Oh, the sweet comma. The pause. It sets apart phrases. It helps you list items, say names, dates, and places, and be clear and organized. It also lets your reader (and you) breathe. Read your work aloud, and notice your pauses. But don’t place a comma simply because you stopped typing.
Stein has more to say about the comma and, tellingly, she even indulges us with using a few commas as she does so. I think this is a lovely note to close on, because it opens the door to the pleasure of complicated sentences, and turns use away from use, and towards pleasure. After all, on the spectrum of use and pleasure, explicitly creative writing (essays, poetry, screenplays, short stories, novels, graphics) bends towards pleasure, and away from usefulness. So I will close this brief piece on the comma with Stein championing the complicated sentence, and the pleasures of forgoing the comma, even while using the comma, and showing that sometimes, you just need a sweet, minor pause:
A long complicated sentence should force itself upon you, make you know yourself knowing it and the comma, well at the most a comma is a poor period that lets you stop and take a breath but if you want to take a breath you ought to know yourself that you want to take a breath. It is not like stopping altogether has something to do with going on, but taking a breath well you are always taking a breath and why emphasize one breath rather than another breath. Anyway that is the way I felt about it and I felt that about it very very strongly. And so I almost never used a comma. The longer, the more complicated the sentence the greater the number of the same kinds of words I had following one after another, the more the very more I had of them the more I felt the passionate need of their taking care of themselves by themselves and not helping them, and thereby enfeebling them by putting in a comma.

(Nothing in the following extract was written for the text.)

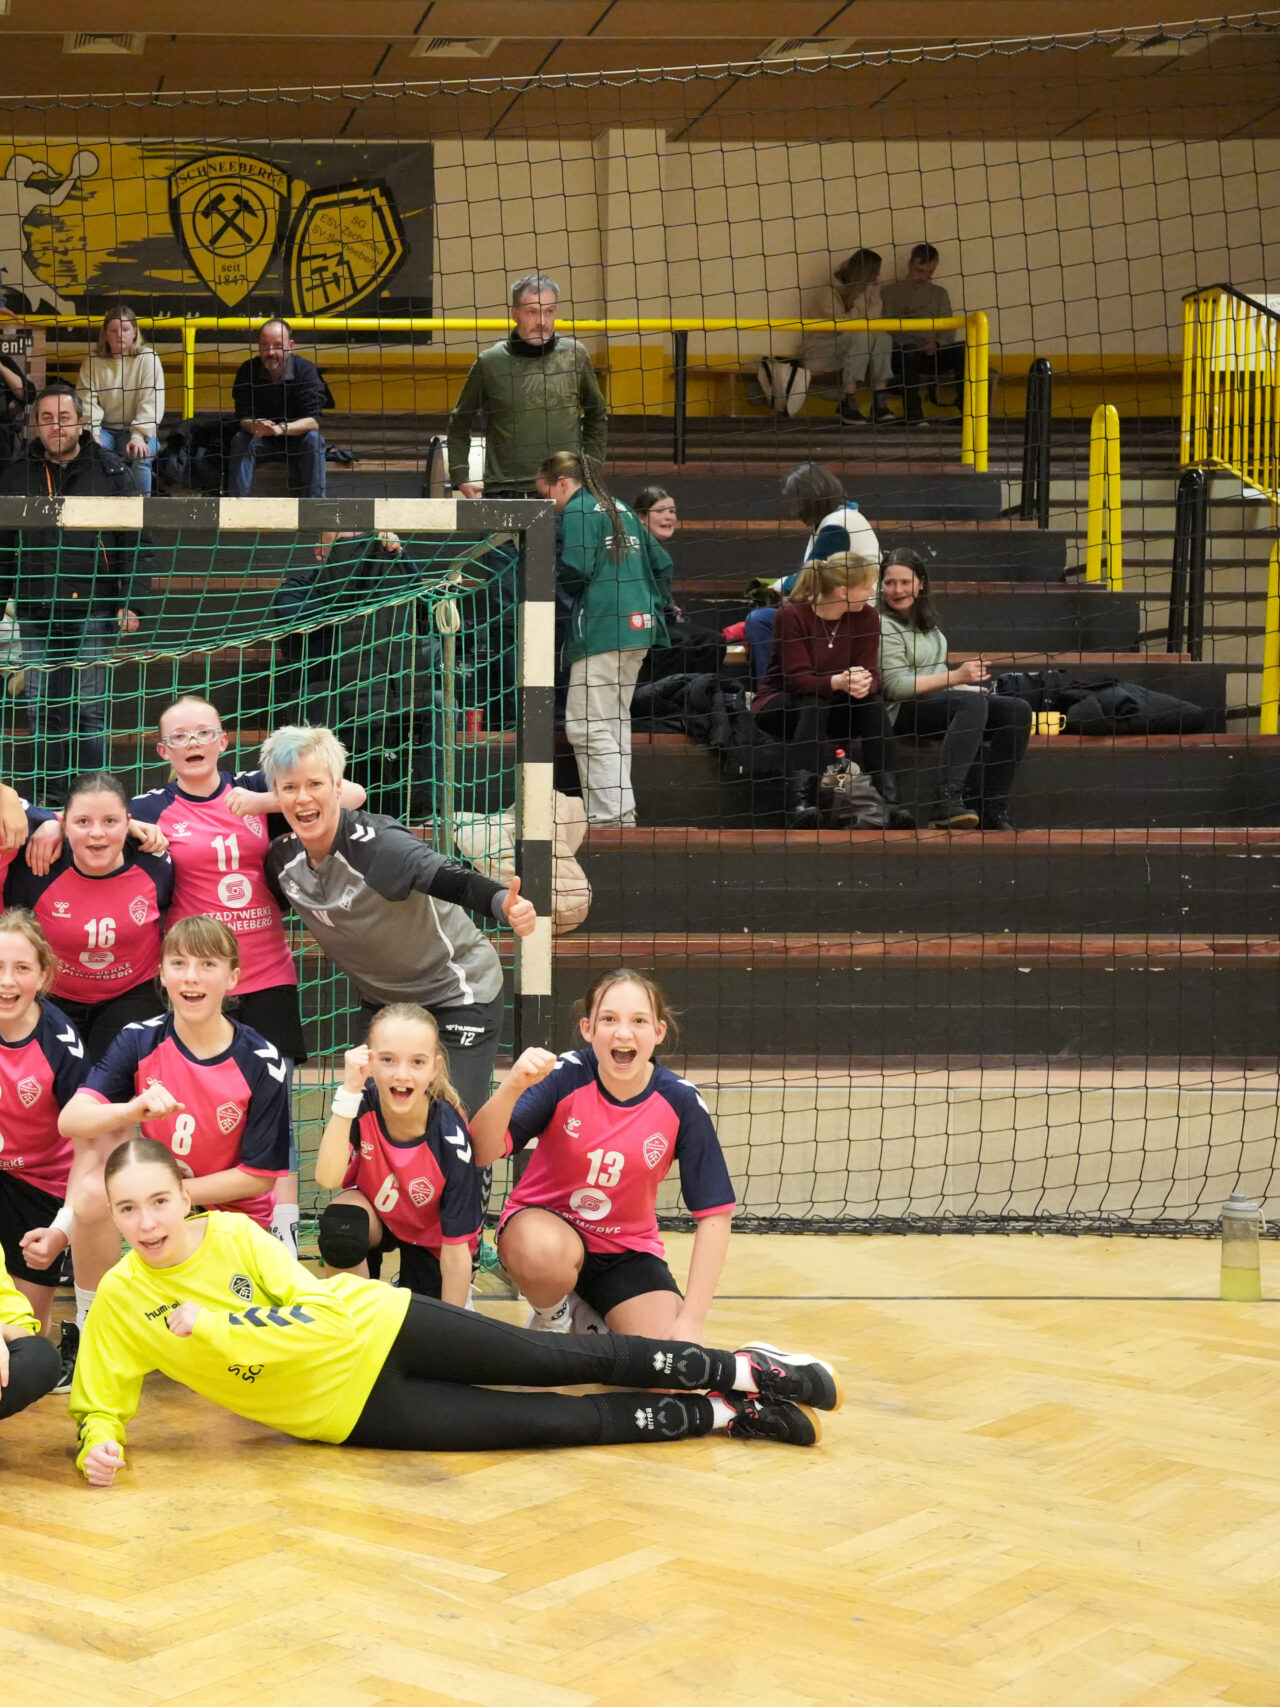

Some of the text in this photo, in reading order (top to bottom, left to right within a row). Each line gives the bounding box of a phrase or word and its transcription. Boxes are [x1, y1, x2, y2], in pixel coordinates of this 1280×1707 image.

Writing prompt: Write a prose poem/paragraph or lineated poem (written in lines) without commas. Observe what happens when you write without the comma. What other punctuation do you use? How do you replace the comma? Do your sentences shorten? Do they stay the same? If you choose to lineate your piece, do you use the poetic line/lineation as a comma replacement? Extra points for including a seasonal (it’s October) flower.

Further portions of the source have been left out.